START Study material

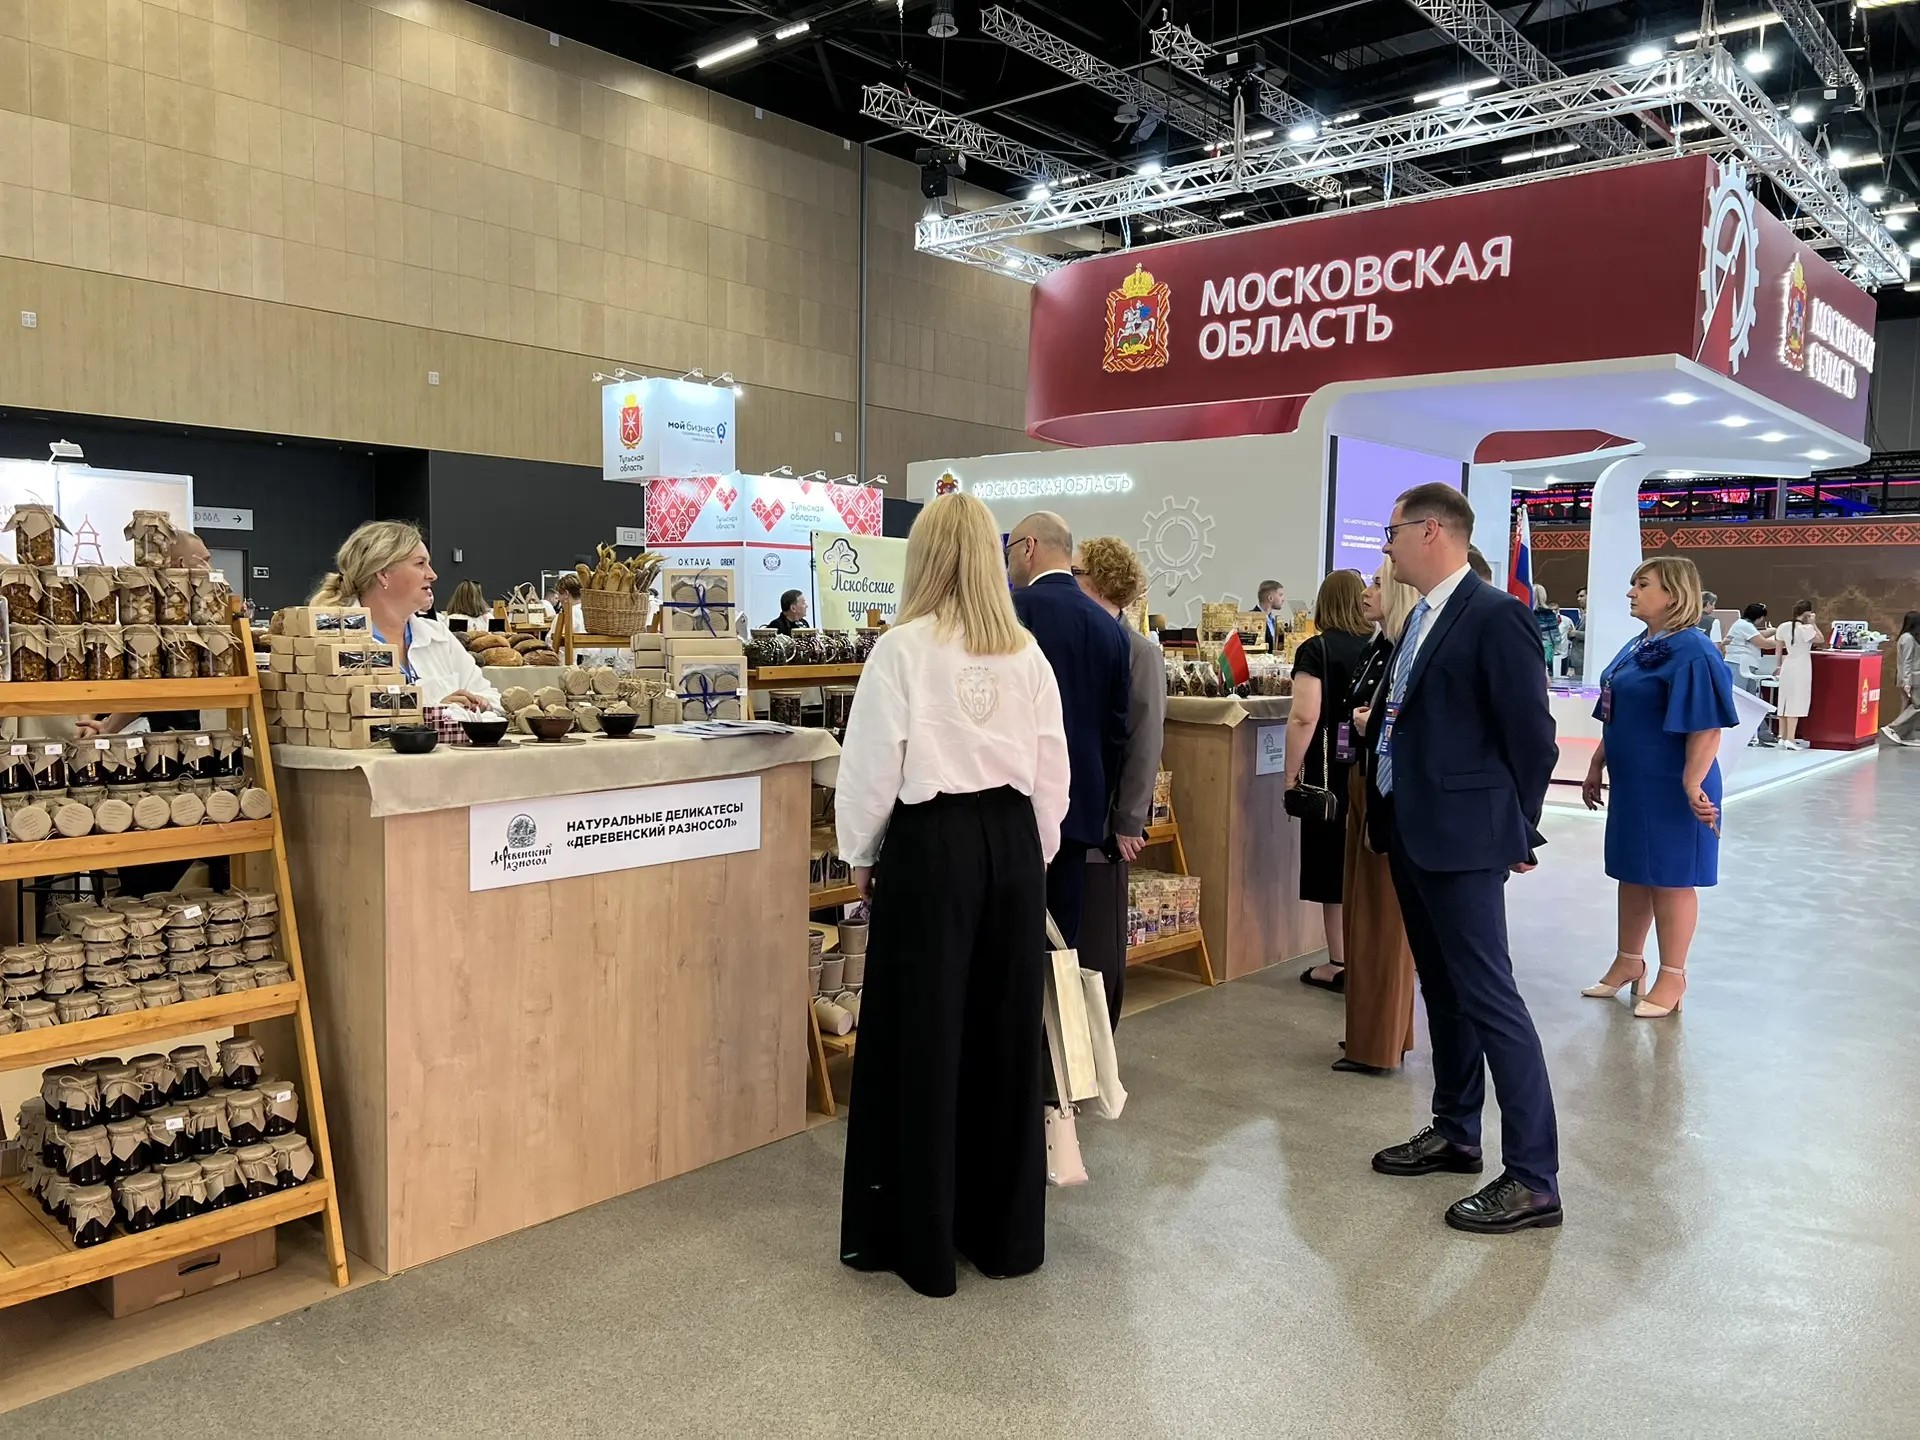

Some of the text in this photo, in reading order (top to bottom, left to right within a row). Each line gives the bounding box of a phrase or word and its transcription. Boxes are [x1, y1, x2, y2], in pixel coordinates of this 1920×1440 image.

[1200, 235, 1513, 317] МОСКОВСКАЯ
[1198, 303, 1393, 361] ОБЛАСТЬ
[1810, 341, 1857, 400] ОБЛАСТЬ
[667, 420, 716, 434] мой бизнес
[619, 454, 645, 464] Тульская
[619, 463, 643, 472] область
[973, 473, 1131, 498] МОСКОВСКАЯ ОБЛАСТЬ
[790, 501, 824, 512] Тульская
[790, 512, 821, 523] область
[678, 558, 711, 566] OKTAVA
[831, 569, 895, 594] Псковские
[566, 802, 744, 832] НАТУРАЛЬНЫЕ ДЕЛИКАТЕСЫ
[566, 818, 738, 848] «ДЕРЕВЕНСКИЙ РАЗНОСОЛ»

END Study material

From the records given above, reproduce all text exactly and exclude each picture.

## Written solution
Some of the text in this photo, in reading order (top to bottom, left to right within a row). Each line gives the bounding box of a phrase or word and its transcription. Boxes are [x1, y1, x2, y2], in pixel coordinates of this 1920×1440 image.

[1200, 235, 1513, 317] МОСКОВСКАЯ
[1198, 303, 1393, 361] ОБЛАСТЬ
[1810, 341, 1857, 400] ОБЛАСТЬ
[667, 420, 716, 434] мой бизнес
[619, 454, 645, 464] Тульская
[619, 463, 643, 472] область
[973, 473, 1131, 498] МОСКОВСКАЯ ОБЛАСТЬ
[790, 501, 824, 512] Тульская
[790, 512, 821, 523] область
[678, 558, 711, 566] OKTAVA
[831, 569, 895, 594] Псковские
[566, 802, 744, 832] НАТУРАЛЬНЫЕ ДЕЛИКАТЕСЫ
[566, 818, 738, 848] «ДЕРЕВЕНСКИЙ РАЗНОСОЛ»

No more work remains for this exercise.